Joseph ends his talk on a really lovely note: the massive potential the internet has for creative collaboration. One of the biggest joys I have had from working online as an illustrator and a writer has come from collaborating with other creatives. One of the biggest downers has been trying to connect with other creatives and being treated with contempt as competition, not famous enough to be seen with, or both. This has been especially true on social media.

I’m not a naturally competitive person, I’d rather do my own thing than compete with others at the same thing, and with art I don’t tend to view any other artist as “doing the same thing” as me. We’re all doing our own thing, as far as I can see. I like and appreciate that in artists I have sought to connect and collaborate with. I would very much like to see more emphasis on collaboration rather than competition, along with paying attention rather than seeking it. It seems to me that this would produce a much more creatively fulfilling environment. One thing seems certain though, that’s not going to happen on social media, so we’ll have to make it happen somewhere else.

2 comments

  1. Good article Janice. I’m paying attention! The world would certainly be a better place without competition, because that leads to win/lose scenarios, and I’d rather have win/win! 🙂 I’m certainly not motivated by the attention I receive, and if that was my motivation I would have given up a long time ago, as I’ve always being considered ‘weird’ and I don’t receive much attention, and most publishers are not interested in my work, as I am not ‘the norm’ and do not follow the crowd!

    I am happy delving into the creative process for my own self-development and for joy and satisfaction it gives me, and hopefully it helps raise collective consciousness along the way… and if others happen to like or agree with my work, then that is their choice. We are all in this game of life together, and I am happy to do my thing, and I am respectful of those who do their thing too. And, often great projects are created through collaboration.

    It can be disappointing that so many lies, half truths,distortions, and collective mythos’s, are often seen to be ‘the truth’ instead of facts, because it is sold to to the public that way, and those who are torch bearers, and great visionaries in all fields, are often neglected or put on the back burner, cast out like lepers!
    Remember this quote, ” Prophets are often not recognised in their own country or in their own time”, and I’d like to think that many great artists and prophets are leaving seeds behind them for future generations…hopefully for when the world is more receptive to receiving them! :).

    • Hey Bridget, long time no see! I hope all is well with you.

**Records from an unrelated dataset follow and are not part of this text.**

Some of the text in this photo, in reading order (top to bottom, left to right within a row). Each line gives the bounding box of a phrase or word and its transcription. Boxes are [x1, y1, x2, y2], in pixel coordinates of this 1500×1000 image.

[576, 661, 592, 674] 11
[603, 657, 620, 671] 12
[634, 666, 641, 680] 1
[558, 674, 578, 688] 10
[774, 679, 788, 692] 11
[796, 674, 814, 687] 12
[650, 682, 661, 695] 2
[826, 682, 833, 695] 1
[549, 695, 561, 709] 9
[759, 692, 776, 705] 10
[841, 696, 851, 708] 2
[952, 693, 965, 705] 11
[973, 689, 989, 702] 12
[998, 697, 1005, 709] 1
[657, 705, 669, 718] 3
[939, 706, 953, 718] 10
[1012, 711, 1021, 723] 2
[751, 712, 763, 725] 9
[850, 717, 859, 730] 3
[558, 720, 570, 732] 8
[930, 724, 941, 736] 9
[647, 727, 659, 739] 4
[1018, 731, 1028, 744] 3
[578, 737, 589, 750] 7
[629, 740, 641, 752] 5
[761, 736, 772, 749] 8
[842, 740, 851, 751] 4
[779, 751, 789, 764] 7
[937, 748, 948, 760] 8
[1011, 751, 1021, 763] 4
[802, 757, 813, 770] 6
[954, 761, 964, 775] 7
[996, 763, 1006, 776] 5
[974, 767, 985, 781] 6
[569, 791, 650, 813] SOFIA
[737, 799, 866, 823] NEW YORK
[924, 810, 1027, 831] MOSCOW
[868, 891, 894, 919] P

      Glad you liked the article. Being able to carry on as a creative regardless of the attention you get is, I would say, essential to getting anywhere with it. As is following your heart rather than following the crowd.

      Hopefully there will be more emphasis on collaboration rather than competition in culture at large in the future, as that really seems the best way to survive in the long run, and the way things are in so many areas we really do need to get our collective act together!

      I like the image of people leaving seeds behind them. It reminds me of an ancient Greek proverb I really like: “A society grows great when old men plant trees in whose shade they know they shall never sit.”